Credibility of the business Aug 21, 2015

Once I twas translating a standard certification document and was wondering to myself that it didn't bear the person's birthdate as it was usual for such kind of document. Next morning, the agency emailed: all is impecable but what about the birthdate? So I opened the file again and the birthdate was right there, in front of my eyes, in the very middle of the page! I got so embarrased about myself, I still have self-blaming feeling "How could I?!" each time I remember it.
I have had an unhappy end client and his rage was because of one (!) not fully corect medical term for a joint. I don't do medical translations, all my clients know that and warn their end clients. In that case, there had happened a car accident, with a 10-year kid involved, and the agency begged me to do that translation as the family returned to their home country and needed to follow the treatment. So I did 5 pages of medical language translation. It happened the kid's father to be a doctor himself and he found, in those 5 pages, that I had used, say, the generic "joint" instead of the specific joint name, though it was clear from the involved body parts which joint exactly was referred to. It was unpleasant. Not enough that I sat during the night to deliver the translation by the morning (with 2 hours ahead of my time zone) but now this person comes and screems at the agency owner? I told the agency to let that man have the translation for free but I wouldn't do the next document that he had brought.

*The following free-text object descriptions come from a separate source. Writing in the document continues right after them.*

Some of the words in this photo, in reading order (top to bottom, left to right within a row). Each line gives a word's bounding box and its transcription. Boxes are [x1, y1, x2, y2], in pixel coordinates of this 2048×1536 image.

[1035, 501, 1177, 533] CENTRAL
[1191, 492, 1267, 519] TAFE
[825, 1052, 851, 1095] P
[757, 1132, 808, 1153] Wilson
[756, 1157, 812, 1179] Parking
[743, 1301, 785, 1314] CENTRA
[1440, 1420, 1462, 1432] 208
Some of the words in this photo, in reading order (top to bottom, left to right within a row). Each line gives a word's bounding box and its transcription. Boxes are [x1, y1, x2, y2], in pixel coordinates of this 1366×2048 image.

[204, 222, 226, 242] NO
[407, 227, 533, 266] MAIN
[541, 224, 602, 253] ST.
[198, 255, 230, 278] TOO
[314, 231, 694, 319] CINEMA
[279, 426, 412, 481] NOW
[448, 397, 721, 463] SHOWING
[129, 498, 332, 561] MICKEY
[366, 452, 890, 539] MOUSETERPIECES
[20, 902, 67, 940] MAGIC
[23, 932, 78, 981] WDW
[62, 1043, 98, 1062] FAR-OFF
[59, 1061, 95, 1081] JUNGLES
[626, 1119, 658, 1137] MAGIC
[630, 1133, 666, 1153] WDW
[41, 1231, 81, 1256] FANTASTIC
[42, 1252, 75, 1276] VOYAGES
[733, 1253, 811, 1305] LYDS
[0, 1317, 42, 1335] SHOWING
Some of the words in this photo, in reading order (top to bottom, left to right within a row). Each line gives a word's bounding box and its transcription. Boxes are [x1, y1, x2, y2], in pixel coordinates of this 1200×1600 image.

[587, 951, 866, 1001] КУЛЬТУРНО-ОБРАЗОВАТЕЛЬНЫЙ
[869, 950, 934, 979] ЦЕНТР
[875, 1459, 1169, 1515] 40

The agency owner was on my side. She told: Sometimes it's better to lose a client rather than do our best and receive such reward."
By the way, I received that same next document through another agency for translation. Refused it.
Indeed, where an agency merely accepts a "mistake" list and passes it to the translator, it gives a client an impression that the agency is not sure about their own translators and the quality of the delivered service. Credibility of the agency itself is put under question with such attitudes.